Occorre in proposito considerare che, quando è configurabile un aiuto di Stato, ogni valutazione sulla incidenza del decorso del tempo non può prescindere dal considerare, da un lato, che l’art. 15 del Regolamento CE n. 659/1999 fìssa un limite di dieci anni al potere della Commissione per quanto riguarda il recupero degli aiuti di Stato, e, dall’altro, che l’art. 249 del Trattato CE detta la regola della obbligatorietà di tale decisione, in tutti i suoi elementi, per i destinatari in essa designati. Lo Stato membro è tenuto perciò ad eseguirla (Corte Giust. CE, 2 febbraio 1989, in causa C-94/87, Commissione c. Germania), salva l’esistenza di circostanze eccezionali da cui derivi l’impossibilità assoluta per lo Stato membro di darvi corretta esecuzione. E’ inoltre da precisare che il concetto di impossibilità assoluta è stato interpretato in maniera restrittiva dalla giurisprudenza comunitaria, ed in particolare è stato escluso che essa possa essere costituita dalla normativa nazionale sulla prescrizione – v. Comunicazione della Commissione: Verso l’esecuzione effettiva delle decisioni della Commissione che ingiungono agli Stati membri di recuperare gli aiuti di Stato illegali e incompatibili (2007/C-272/05), punti 18-20, riportata in "Applicazione della normativa UE in materia di aiuti di Stato da parte dei giudici nazionali. La comunicazione sull’applicazione della normativa e altre disposizioni in materia", a cura della Commissione europea, Bruxelles, 2010-.

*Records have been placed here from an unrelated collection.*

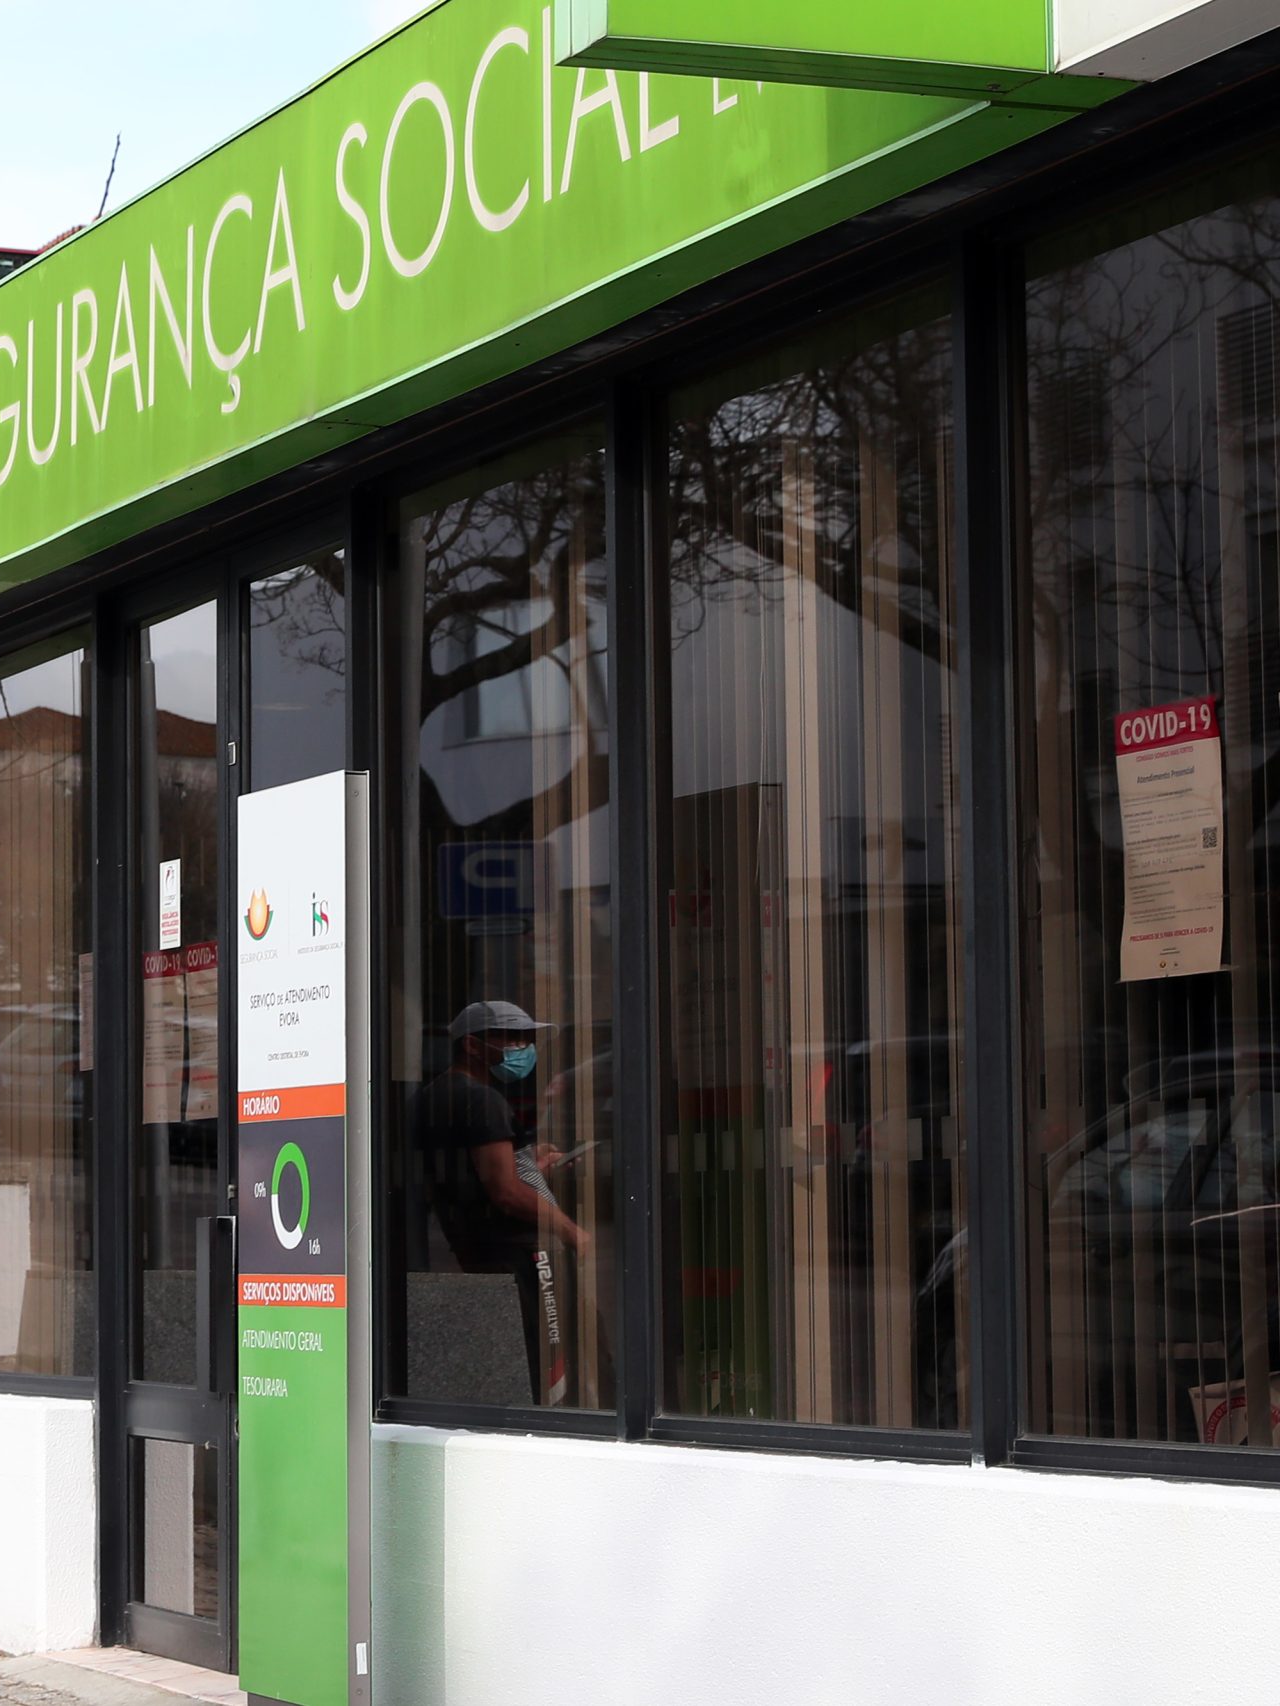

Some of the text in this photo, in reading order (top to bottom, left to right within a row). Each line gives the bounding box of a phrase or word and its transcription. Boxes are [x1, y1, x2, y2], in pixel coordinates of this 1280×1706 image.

[333, 5, 680, 311] SOCIAL
[1120, 703, 1211, 745] COVID-19
[145, 953, 180, 973] COVID-19
[250, 992, 276, 1010] SERVIÇO
[285, 985, 330, 1004] ATENDIMENTO
[243, 1092, 279, 1116] HORÁRIO
[254, 1182, 266, 1198] 09h
[308, 1238, 320, 1255] 16h
[243, 1282, 281, 1305] SERVIÇOS
[242, 1329, 323, 1352] ATENDIMENTO GERAL
[242, 1376, 288, 1398] TESOURARIA

Anche in considerazione delle argomentazioni che precedono, questo giudice di legittimità ha ripetutamente affermato che la normativa nazionale sulla prescrizione e sulla decadenza deve essere disapplicata per contrasto con il principio di effettività proprio del diritto comunitario, qualora tale normativa impedisca il recupero di un aiuto di Stato dichiarato incompatibile con il mercato comune da una decisione della Commissione divenuta definitiva (v. cass. n. 26286 del 2010 e n. 23418 del 2010).

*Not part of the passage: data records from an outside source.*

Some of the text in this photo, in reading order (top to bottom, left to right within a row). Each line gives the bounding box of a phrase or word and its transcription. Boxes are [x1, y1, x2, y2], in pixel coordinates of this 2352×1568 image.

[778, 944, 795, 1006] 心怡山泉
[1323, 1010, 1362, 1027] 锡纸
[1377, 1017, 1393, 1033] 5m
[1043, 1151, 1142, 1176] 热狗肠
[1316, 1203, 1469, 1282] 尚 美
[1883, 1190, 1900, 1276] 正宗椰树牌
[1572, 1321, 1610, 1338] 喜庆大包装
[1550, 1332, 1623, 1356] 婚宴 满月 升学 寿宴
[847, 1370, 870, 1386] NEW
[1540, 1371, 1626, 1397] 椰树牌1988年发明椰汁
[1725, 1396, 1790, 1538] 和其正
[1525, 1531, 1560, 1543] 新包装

Tanto premesso, occorre in ogni caso aggiungere, non solo con riguardo alla disciplina nazionale relativa ad istituti come prescrizione e decadenza, ma anche con riguardo alla disciplina nazionale prevedente condoni fiscali, che la Corte di Giustizia, nella sentenza 20 marzo 1997 in causa C-24/95 Alcan (punti 34-37), ha affermato che: "in materia di aiuti di Stato dichiarati incompatibili, il compito delle autorità nazionali … consiste solo nel dare esecuzione alle decisioni della Commissione. Le dette autorità non dispongono pertanto di alcun potere discrezionale quanto alla revoca di una decisione di concessione".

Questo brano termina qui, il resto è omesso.